Trois films en vingt ans, on ne peut pas dire que le réalisateur britannique soit très prolifique. Scénariste pour le théâtre, peintre et romancier, Philip Ridley a tout simplement du mal à trouver des financements pour ses films.

Jamie a une grosse tâche de naissance sur le visage et une autre qui lui recouvre l’épaule. Sujet aux moqueries depuis son enfance, il soufre de dépression et a déjà tenté de se suicider. Vivant avec sa mère dans un quartier populaire de Londres, le jeune homme fait de la photographie en amateur éclairé et fait des reportages sur les bas-fonds de la ville. C’est là qu’il tombe sur un étrange gang, connu pour jeter des cocktails molotov sur des passants.

Avec cette troisième oeuvre, le réalisateur reprend toujours le même personnage principal, cherchant désespérément sa place dans la société. Il soufre de solitude, et il est mis à l’écart du fait de sa différence. Tout comme Darkly Noon, le personnage est en proie à une immense dépression, lui faisant perdre peu à peu la raison, le transportant dans un univers plus ou moins imaginaire.

L’aspect le plus séduisant du film est sans doute la façon de photographier l’East end de Londres, quartier dont le réalisateur est originaire. Atteint durablement par la misère, l’endroit est saturé de tags et de graffitis en tous genres. Des gangs font régner la terreur. Malgré toute cette violence, le réalisateur cadre les environs comme un photographe, cherchant la beauté dans les ruines industrielles ou les ruelles insalubres. Toutes les scènes de jour sont filmées avec une lumière froide et toutes les scènes de nuit baignent dans une lueur orangée voire sépia. Bien que géographiquement identiques, ces deux univers sont bien séparés. Cette dualité se retrouve tout au long du film. Jamie hésite entre accepter sa difformité et la rejeter totalement. Quand il est mis à l’épreuve, il est également déchiré entre le bien et le mal. Enfin, il devra décider s’il veut exorciser ses démons, ou pas.

L’intrusion du fantastique dans un milieu urbain et banal est également un aspect intéressant du film. En cela, on se rapproche un peu de Candyman et son boogeyman hantant les HLM. Si l’on ne connait pas le réalisateur, ou si l’on n’a pas vu les bonus dans lesquels il donne clairement ses intentions, on pourra être quelque peu perdu par la narration. Si le récit démarre dans un style “social”, grâce à Jim Sturgess qui exprime physiquement son extrême mal-être, on tombe ensuite dans le fantastique lorsqu’apparaissent des démons encapuchonnés au sourire carnassier. C’est même un autre monde que découvre Jamie, soumis à des règles toutes nouvelles et qui pourront sembler illogiques si l’on ne comprend pas le postulat sur lequel repose le film, révélé tardivement et de manière un peu obscure.

Peu importe ces menus défauts, l’ambiance très spéciale du film prend le dessus, tout comme dans Darkly Noon.
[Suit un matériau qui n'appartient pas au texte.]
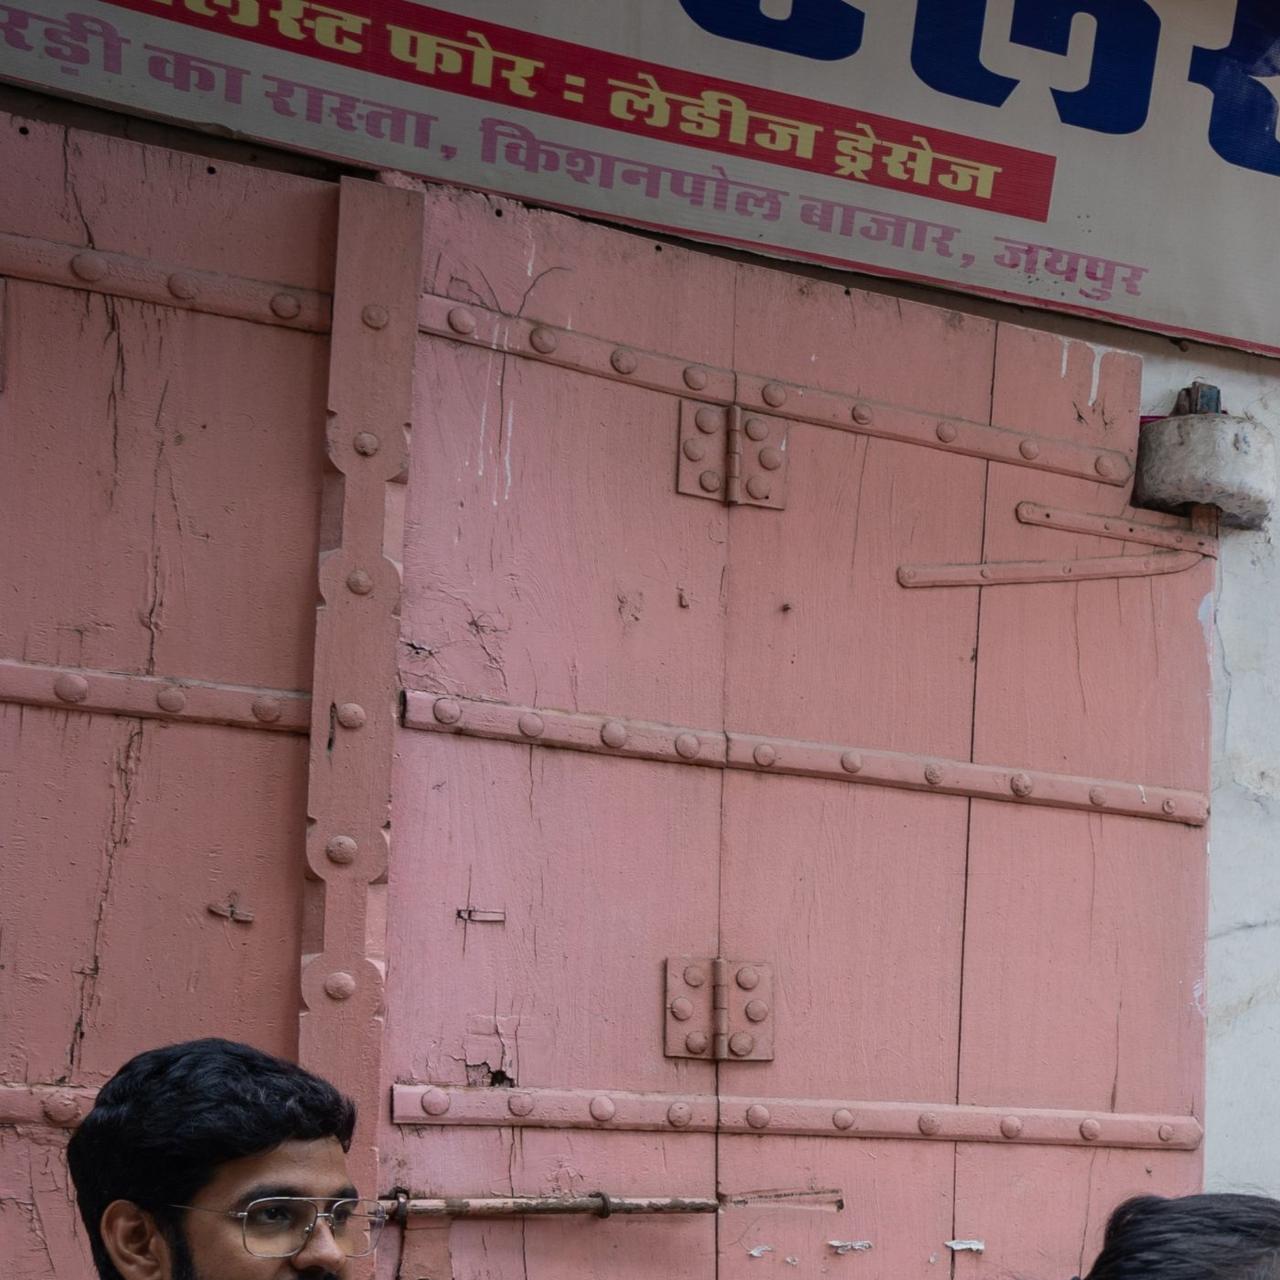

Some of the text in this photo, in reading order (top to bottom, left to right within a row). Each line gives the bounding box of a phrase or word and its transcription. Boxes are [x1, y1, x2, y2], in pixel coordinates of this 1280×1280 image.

On a l’impression d’être en terrain connu, mais malgré les passages rassurants, il règne toujours une menace sourde et pesante sur le personnage principal.
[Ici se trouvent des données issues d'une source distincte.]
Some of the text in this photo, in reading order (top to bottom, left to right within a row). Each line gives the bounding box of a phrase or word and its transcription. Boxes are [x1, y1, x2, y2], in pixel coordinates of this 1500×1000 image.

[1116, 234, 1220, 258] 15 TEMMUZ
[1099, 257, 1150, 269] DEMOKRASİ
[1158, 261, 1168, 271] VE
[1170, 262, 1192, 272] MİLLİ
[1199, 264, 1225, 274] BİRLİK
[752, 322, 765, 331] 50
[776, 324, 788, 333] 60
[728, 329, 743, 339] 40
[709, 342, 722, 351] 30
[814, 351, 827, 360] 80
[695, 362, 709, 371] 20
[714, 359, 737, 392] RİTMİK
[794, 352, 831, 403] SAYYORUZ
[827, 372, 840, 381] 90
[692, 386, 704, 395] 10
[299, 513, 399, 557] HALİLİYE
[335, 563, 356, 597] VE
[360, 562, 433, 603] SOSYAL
Dvd et blu-ray sont disponibles chez Free Dolphin. Même si on a vu mieux en terme de qualité d’image, le blu-ray rend hommage à la photographie du film et notamment ses scènes nocturnes et ses vues d’ensemble sur les blocs d’immeuble de l’East End de Londres. En supplément, on retrouve une intéressante rencontre avec Philip Ridley dans un salle de spectacle underground, que le métro fait trembler à chacun de ses passages ! Et aussi : le making of, Jim Sturgess live, bande-annonce, commentaire audio.